Ainsi les communicants nous ont laissé un discours qui dit littéralement « le pass sanitaire, c’est la liberté » et qui dit entre les lignes : « une arme contre l’épidémie, c’est la liberté. » Ce discours entre les lignes s’adresse à vous. A vous en tant que Winston. Vous êtes le Winston qui croit qu’il existe une résistance, qui la cherche et qui croit même l’avoir trouvée en O’Brien. Vous êtes appâté par cet entre-les-lignes comme Winston a été appâté. On lui a fait croire à la résistance pour mieux le broyer comme nos communicants vous incitent à la liberté pour mieux vous broyer. Car vous allez prendre goût aux terrasses, puis vous allez devoir accompagner quelqu’un à l’intérieur d’un restaurant. La première fois vous inscrirez un nom fictif sur le cahier de rappel et puis un jour vous écrirez votre nom. Vous allez voyager un peu en France. Puis vous passerez une frontière. Au début vous la passerez sans test, puis avec un faux test, puis un vrai, puis vos enfants râleront de faire des tests et votre mari ou votre femme vous dira que c’est idiot alors qu’il suffirait de les vacciner. Et plus vous reprendrez votre liberté plus vous aurez l’incitation à entrer dans le dispositif. A ce moment ce dispositif auto-réalisateur qui disait « le pass sanitaire, c’est la liberté » dira vrai pour vous, ce dispositif vous rendra de la liberté. Et ce dispositif prophétique de la société du contrôle aura commencé à dire vrai en disant que la liberté est une arme contre l’épidémie, car en vous incitant à la liberté nouvelle il vous aura montré combien votre conception archaïque de la liberté vous met dans la difficulté, et combien vous lui préférez la liberté qu’on a pensée pour vous, et combien vous préférez vous soumettre finalement à la lutte contre la pandémie. On rebaptisera très vitre le ministère de la Santé en ministère de la Liberté.

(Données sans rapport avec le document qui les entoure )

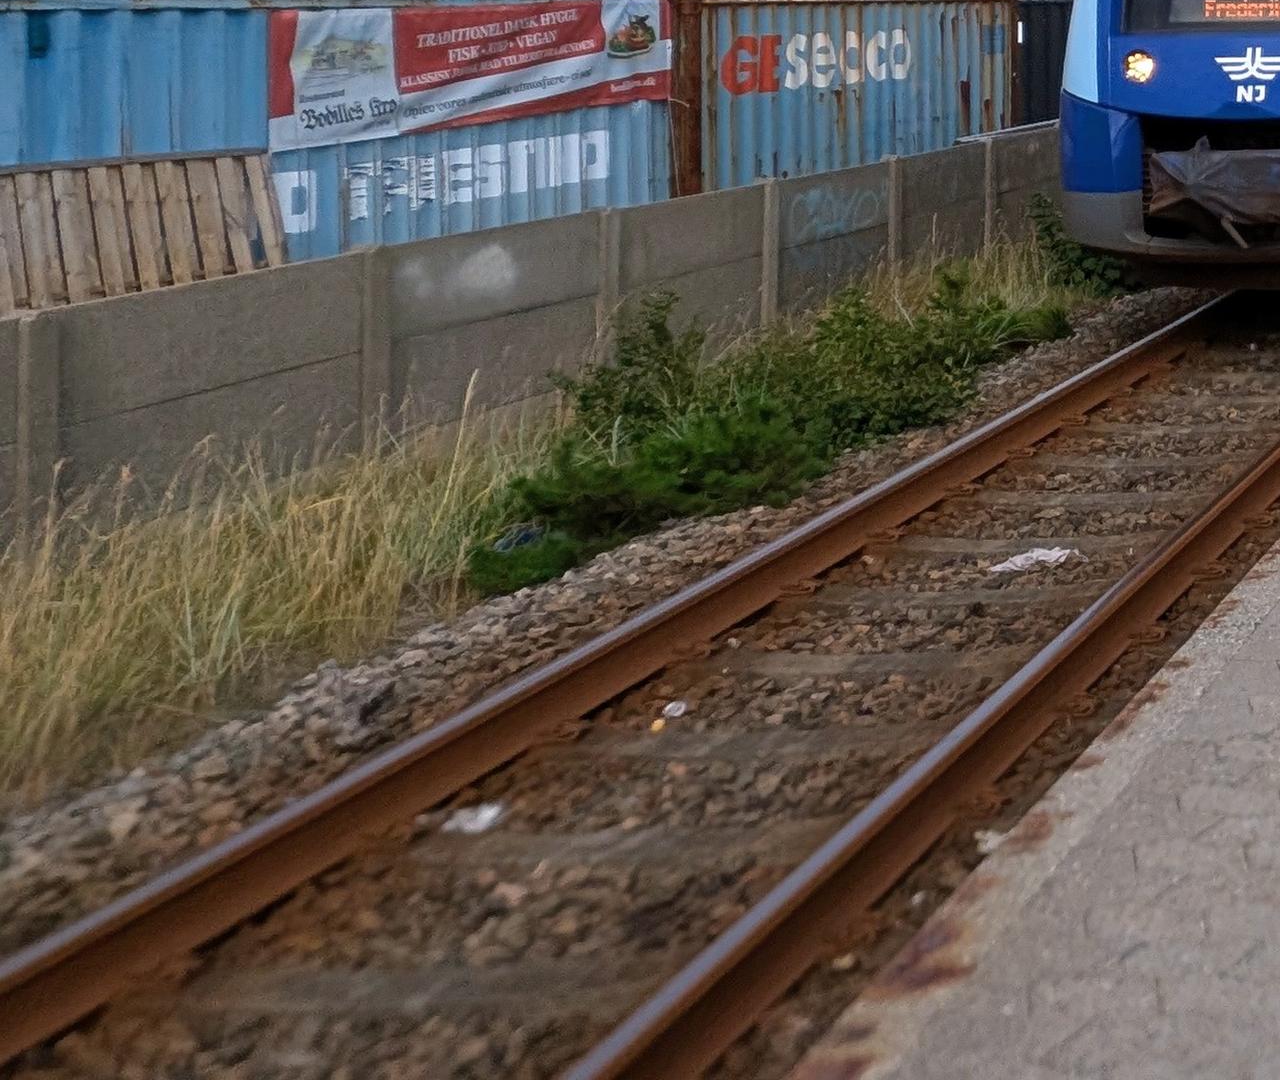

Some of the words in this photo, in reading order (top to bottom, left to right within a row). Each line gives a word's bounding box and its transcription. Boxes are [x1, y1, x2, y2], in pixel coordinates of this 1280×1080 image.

[448, 44, 480, 63] FISK
[516, 30, 558, 49] VEGAN
[1236, 85, 1266, 102] NJ

On scandera : « La nouvelle liberté, c’est l’arme contre la pandémie. » Il ne suffit pas de lire et de vivre entre les lignes, car même-là, comme Winston, on viendra vous chercher.
A ce moment, souvenez-vous que ce que vous aimiez dans la liberté d’avant l’épidémie c’était l’insouciance. Vous alliez aux terrasses, aux concerts, danser et boire sans autre préoccupation que le temps et l’argent nécessaires. Et que c’est pour rester insouciant que vous avez laissé la farce des communicants et des législateurs vous emplir le cerveau puis le cœur. Et si votre esprit est encore un rien debout, souvenez-vous que vous aviez tort. Car la liberté que vous assimiliez à l’insouciance est celle qui vous a perdu. La liberté que vous deviez aimer n’a jamais été insouciante mais au cœur du souci de vivre. Pensez à cette phrase de Heidegger : « La perfection de l’homme, c’est-à-dire sa capacité de devenir ce qu’il peut être en raison de sa liberté pour ses possibilités inaliénables, est l’œuvre du souci ». C’est en ayant le souci de vous et du monde que votre être se déploie au plus libre de ce qu’il est. Et si votre cœur est encore un rien debout, souvenez-vous que vous aviez tort de penser que la liberté c’est l’insouciance. Car la liberté n’a jamais été insouciante auparavant que dans la limite exacte de votre premier renoncement à Être. Le second vient déjà. On entend des quidams, des journalistes, des parlementaires, des portes paroles du gouvernement vouloir endurcir et pérenniser un arsenal législatif de quarantaines, de couvre-feux, d’obligations vaccinales, et autres outils pour vous rendre plus libre, vous qui avez accepté que « la nouvelle liberté, c’est l’arme contre la pandémie ». Et c’est là votre second renoncement, fier de cette nouvelle liberté, dans votre nouvelle insouciance altruiste vous vous apprêtez à crier dans une salle du Ministère des Libertés : « Do it to Julia! Do it to Julia! Not me! I don’t care what you do to her ».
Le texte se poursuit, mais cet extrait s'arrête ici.